_Exercise directions_
Ignoring the images, restate the records below word for word.

_Extracted material_
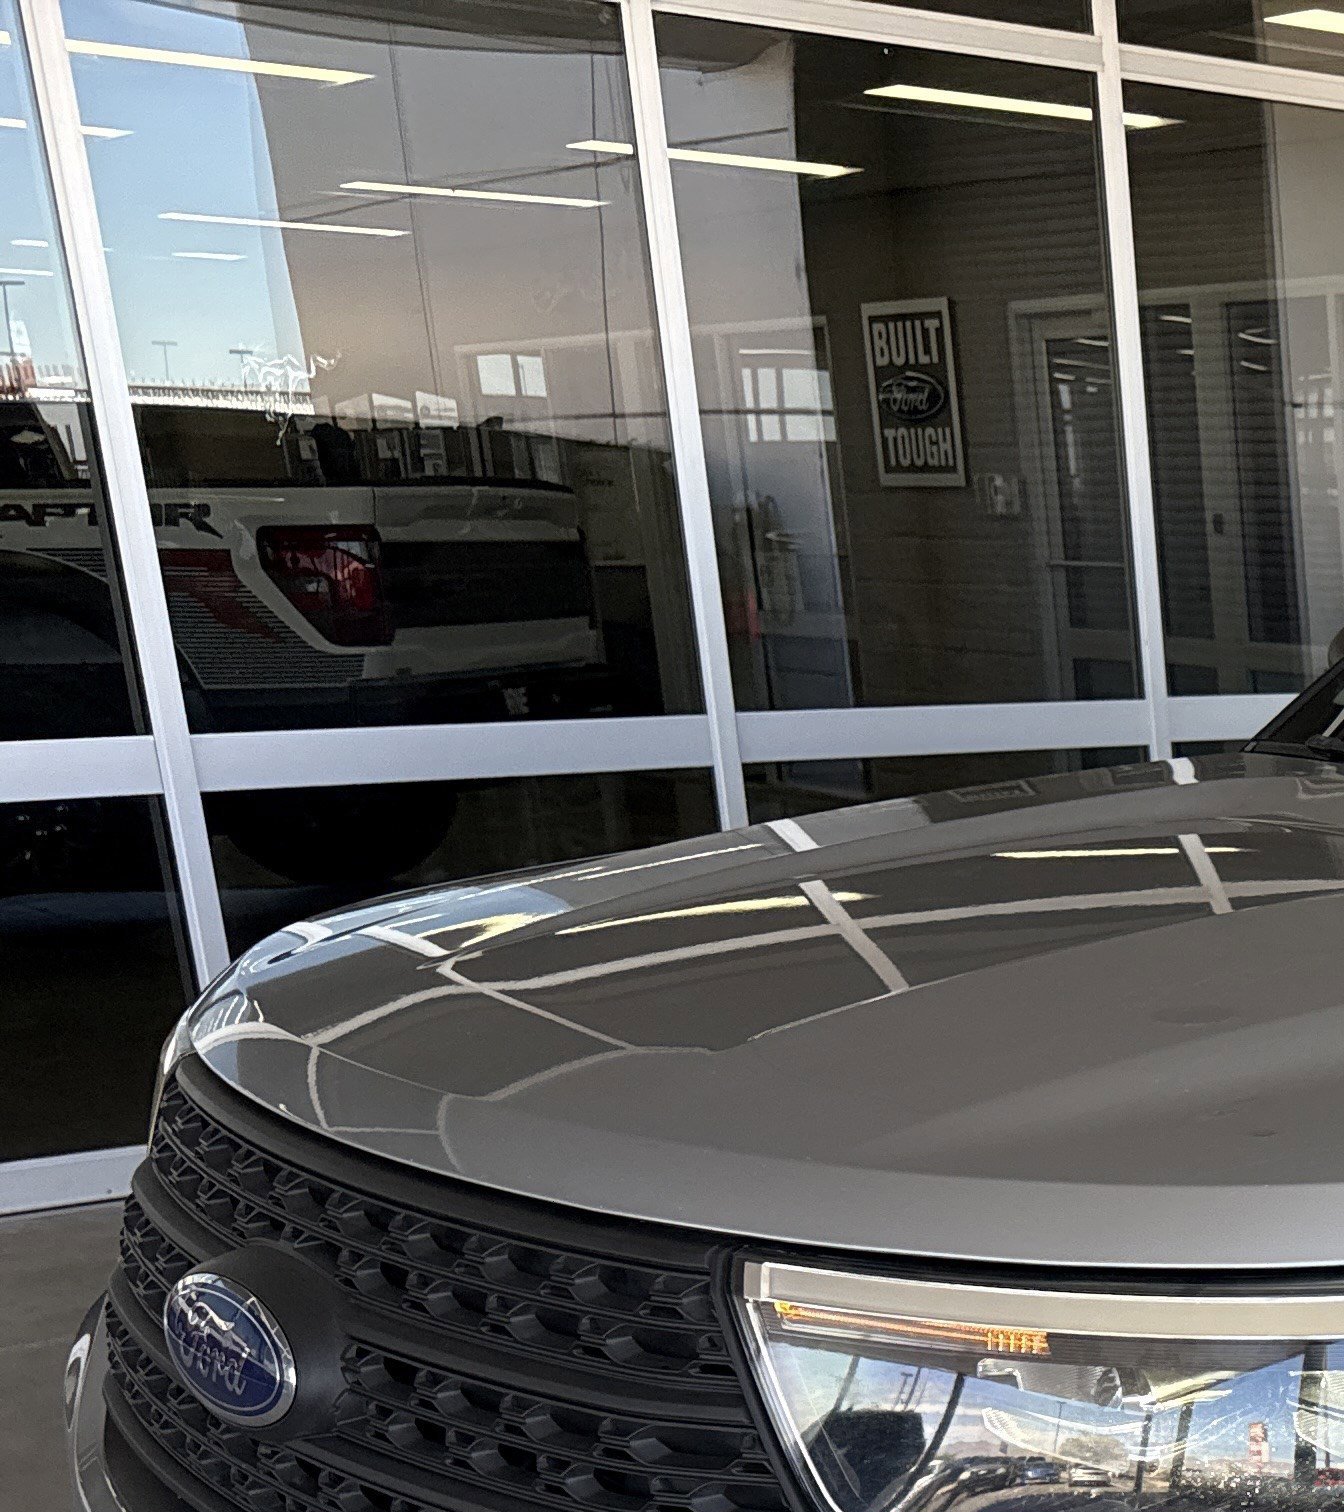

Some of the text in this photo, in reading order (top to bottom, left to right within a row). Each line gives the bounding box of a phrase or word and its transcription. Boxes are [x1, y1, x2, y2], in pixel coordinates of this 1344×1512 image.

[872, 318, 941, 367] BUILT
[879, 377, 933, 412] Ford
[884, 426, 954, 467] TOUGH
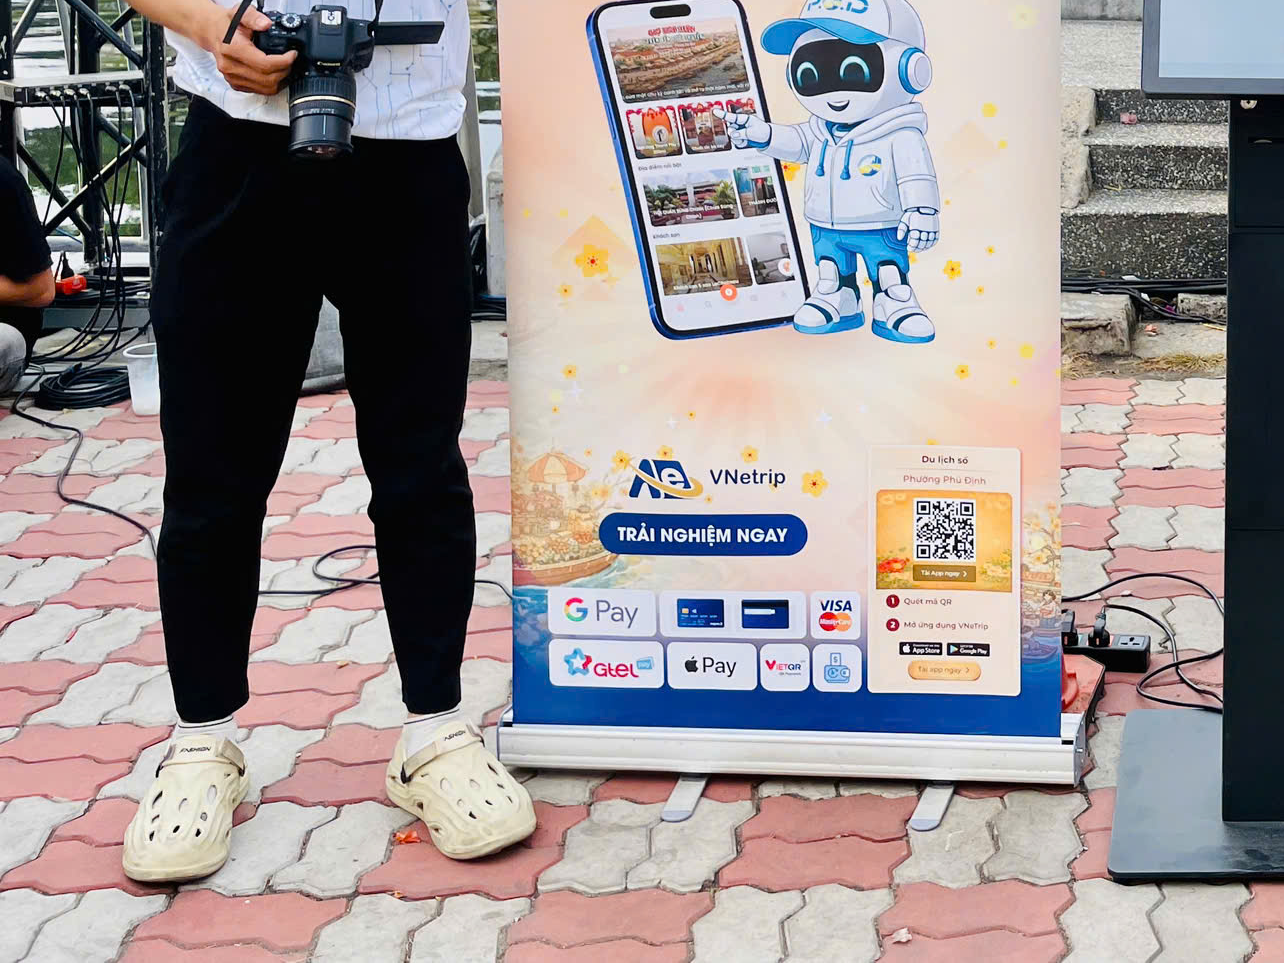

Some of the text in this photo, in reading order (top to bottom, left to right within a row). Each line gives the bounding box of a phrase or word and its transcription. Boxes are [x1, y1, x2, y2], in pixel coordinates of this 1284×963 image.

_Solution_
Some of the text in this photo, in reading order (top to bottom, left to right within a row). Each line gives the bounding box of a phrase or word and its transcription. Boxes are [x1, y1, x2, y2], in pixel coordinates of this 1344×1512 image.

[872, 318, 941, 367] BUILT
[879, 377, 933, 412] Ford
[884, 426, 954, 467] TOUGH

Some of the text in this photo, in reading order (top to bottom, left to right within a row). Each line gives the bounding box of a phrase or word and its transcription. Boxes are [x1, y1, x2, y2], in pixel coordinates of this 1284×963 image.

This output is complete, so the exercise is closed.